# Would you buy a horse that cribs?



## cooper101 (Sep 13, 2010)

We're looking at a horse for my daughter that seems like just what we're looking for, but she cribs. The horse is 7 and the current owner has owned her for 4 years. She says it's a very mild case of cribbing, but she does "occasionally" do it. I have a pretty good feeling about the owner and how she cares for and trains her horses, so i tend to believe her.

So, if there are no other vices and the horse seems in good health and well-trained, would you buy a horse that cribs or is that just too much of a red flag?

Thanks for your input!


----------



## jill.costello (Aug 18, 2004)

If, as you describe, the current owner is just trying to be very up-front and mention every possible thing, then yes, I would.

Disclosure of "vices" is important, and I'd rather be "warned" about every tiny little thing than have something kept from me.

It sounds like this is a horse that will need a "job", and does well when getting consistant attention; sounds like she only cribs once in awhile [my thought is boredom: days spent in because of weather, or during "idle time"].


----------



## wr (Aug 10, 2003)

cooper101, what do the current owner's facilities look like? Did you see wood with the odd chew marks, does it look like a pack of beaver have been loose in the barn or maybe a lot of replaced wood? If you've seen minimal damage with no signs of major replacement, I would think the owner is honest. If you see substanial damage or a lot of replaced wood, I'd suggest the owner is minimizing a substantial problem.


----------



## mountainwmn (Sep 11, 2009)

Nope, never. Many boarding stables won't take them, many people won't buy them, and it is slightly "contagious". There is lots of argument about that, but I had a 4yo gelding that never cribbed, until I moved and moved him to a closer barn. The horse across the aisle cribbed, and he started within a week. None of her other horses did it, but young horses, and stressed horses are more likely to pick it up.


----------



## southerngurl (May 11, 2003)

Will you be stalling the horse? Or have him on pasture?


----------



## Horseyrider (Aug 8, 2010)

Probably not. If things don't work out, resale of a cribber is tough. You practically have to give them away.


----------



## jill.costello (Aug 18, 2004)

Depends on how much of a packer he is. I saw a Children's Hunter go for $40,000. who was a horrendous cribber; I was his groom for about 5 months and this was a horse who would rather crib than eat his GRAIN. He would crib on anything, anywhere. He was an absolute drug addict. BUT, he would tote kids around an A-circuit hunter ring, jerk his knees, swap his leads and win in the hack.


----------



## southerngurl (May 11, 2003)

jill.costello said:


> Depends on how much of a packer he is. I saw a Children's Hunter go for $40,000. who was a horrendous cribber; I was his groom for about 5 months and this was a horse who would rather crib than eat his GRAIN. He would crib on anything, anywhere. He was an absolute drug addict. BUT, he would tote kids around an A-circuit hunter ring, jerk his knees, swap his leads and win in the hack.

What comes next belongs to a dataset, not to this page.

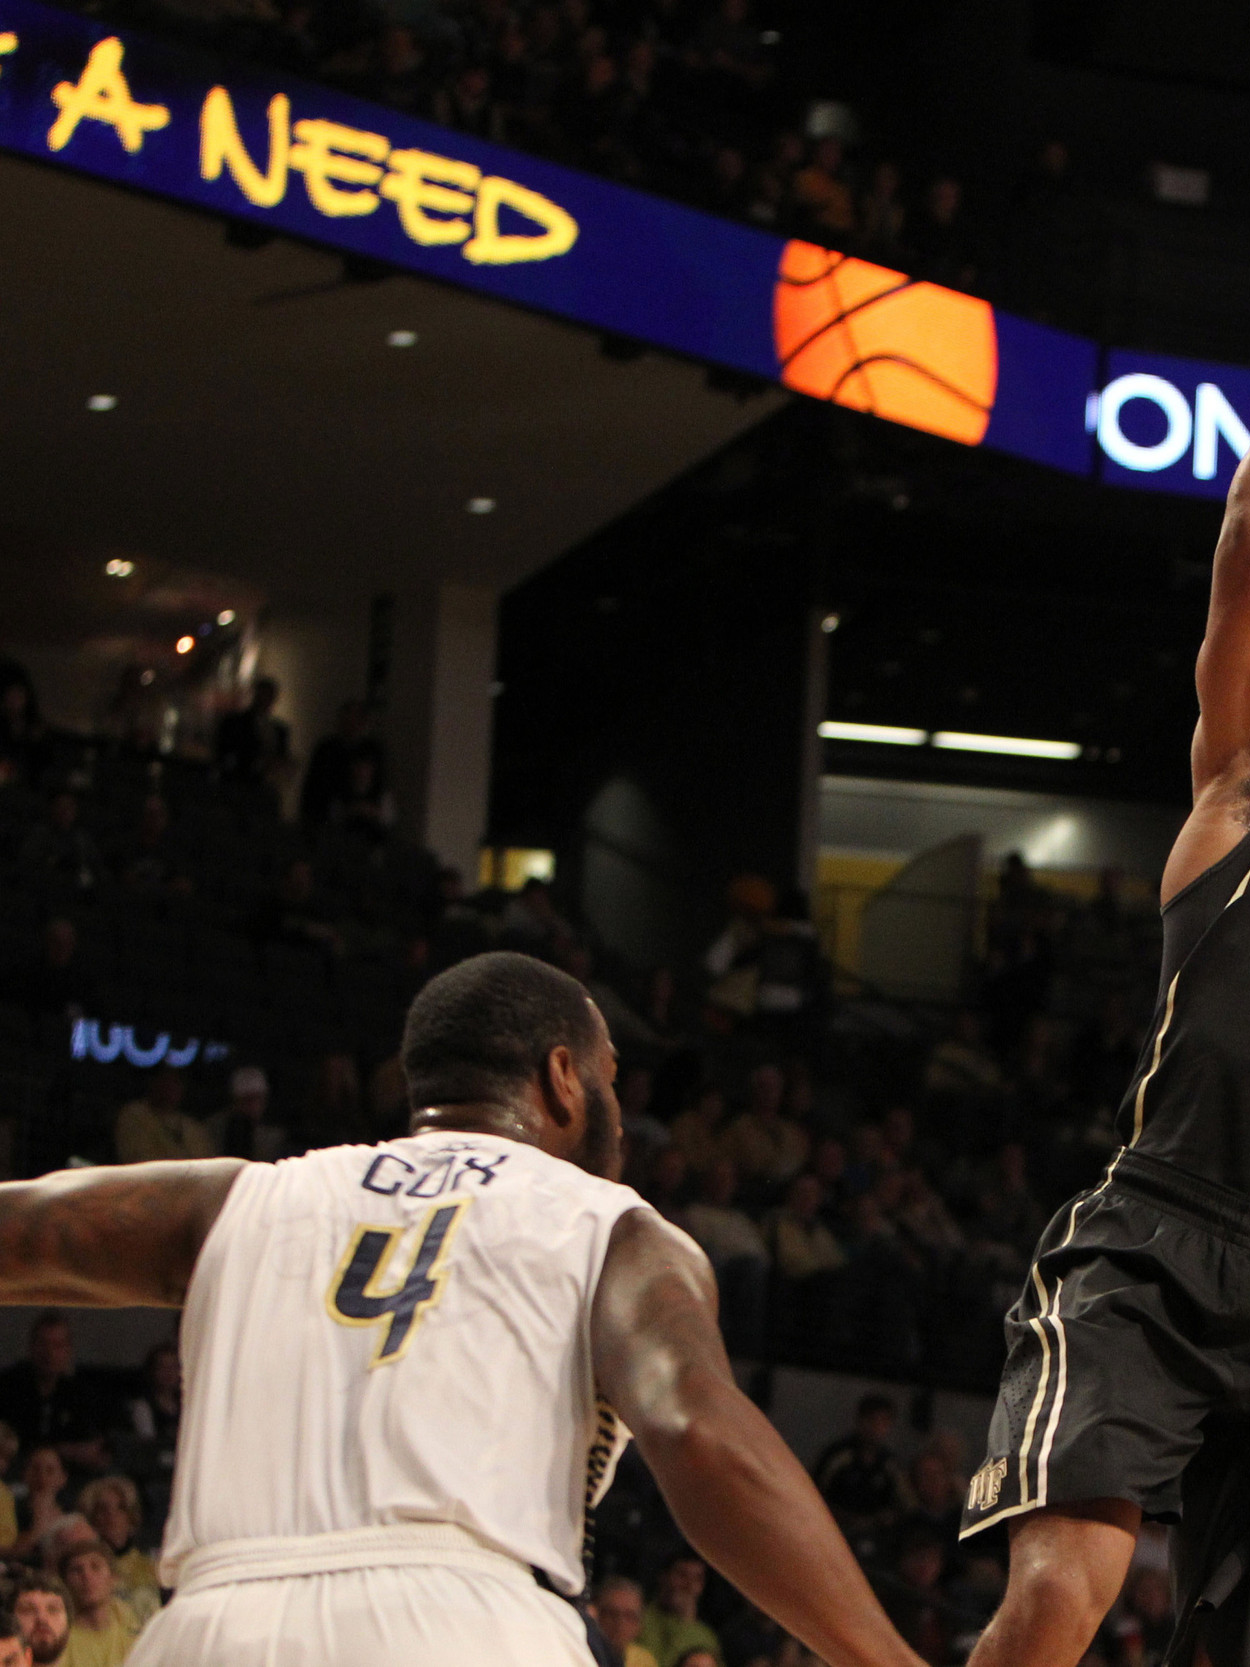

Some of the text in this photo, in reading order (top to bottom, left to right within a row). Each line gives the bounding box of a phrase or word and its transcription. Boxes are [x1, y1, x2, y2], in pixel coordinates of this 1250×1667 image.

[47, 36, 579, 264] A NEED
[361, 1153, 509, 1198] COX
[325, 1197, 474, 1370] 4

WOW. I seriously wonder how much of these obsessive behaviors are nutritional problems? I have a goat that was a horrible self nurser. She had all kinds of rigging to try and keep my darn milk and would still get to it and suck it all down in a flash. After a couple copper boluses she just up and quit! I mean quit, never did it again, this has been since last Febuary or March. Another goat owner had one do the same thing! Apparently low copper causes emotional issues, and the nursing was a comfort thing. Weird.


----------



## CNCfamily (Sep 13, 2010)

Depends on where you're keeping the horse. If it was *just* the right horse, i'd probably buy it because we dont typically keep our horses in the round corral or stalls (made out of wood) for long periods of time. Just a staging or training area. The rest of the time they're in barb wire pasture. 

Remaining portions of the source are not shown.